Josie avait déposé la plainte de trop contre le Gimme Shelter. Chris, le patron, avait menacé de la tuer, mais paradoxalement, il se souciait de son bien-être et la couvrait de victuailles. Une seule personne semblait troublée par l’attitude de Chris: l’épicier à qui le patron du Gimme Shelter avait déjà commandé trois bouteilles d’antigel en plein été…
«Chris a mis ses menaces à exécution. Je suis certain qu’il doit tenter d’empoisonner Josie avec de l’antigel», confia l’épicier à un des retraités du quartier, «J’ai vu dans une série policière que le liquide pouvait être mortel à forte dose. Chris doit en mettre dans les aliments qu’il offre à Josie.» «Tu regardes trop de ces séries», lui a répondu le papy. «Son comportement est étrange tout de même! Et cet antigel?» «Il tente de l’amadouer avec ses cadeaux. On a tous tenté le coup avant de nous rendre compte que c’était parfaitement inutile. Et pour l’antigel, eh bien, Chris est un homme prévoyant…» Il ne fallut pas plus que cette conversation sur un banc pour que la rumeur soit lancée et qu’elle ricoche sur le zinc du Gimme Shelter, puis jusqu’aux oreilles de Josie.
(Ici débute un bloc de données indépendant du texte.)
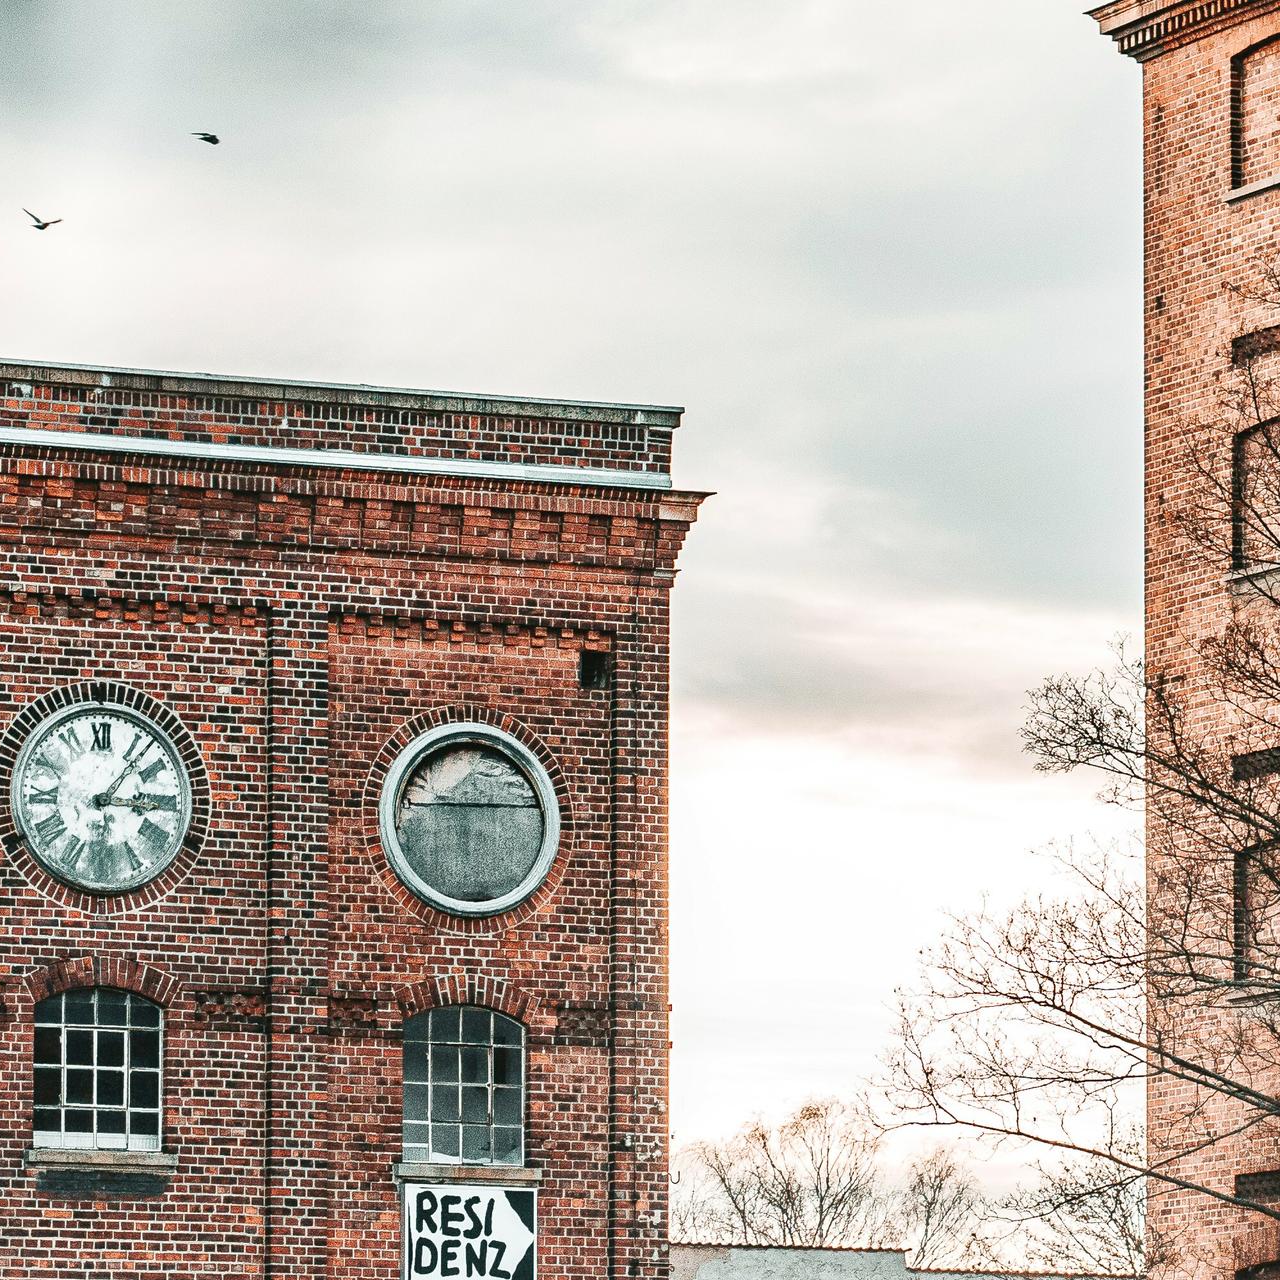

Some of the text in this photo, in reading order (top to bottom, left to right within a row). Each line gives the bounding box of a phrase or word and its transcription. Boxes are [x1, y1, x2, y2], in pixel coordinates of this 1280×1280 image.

[91, 722, 111, 752] XII
[416, 1190, 496, 1239] RESI
[414, 1237, 511, 1280] DENZ
La deuxième partie du plan de Chris pouvait débuter.
Notre chère voisine se croyant insubmersible, elle considéra que tous les habitants du quartier étaient jaloux d’elle comme d’habitude et ne s’arrêta pas à la rumeur. Elle se délectait des petits gâteaux et autres douceurs que Chris lui offrait. Jusqu’à ce qu’elle commence à avoir des crampes d’estomac et des diarrhées… Une sueur froide perlait le long de son dos: et si les gens du quartier avaient raison? Et si Chris essayait bel et bien de l’empoisonner? Josie pris directement rendez-vous chez son médecin généraliste. Celui-ci ce montra rassurant – il y avait une épidémie de gastroentérite – et lui prescrit une prise de sang pour dépister l’éthylène glycol, le produit actif de l’antigel, qui s’avéra négative.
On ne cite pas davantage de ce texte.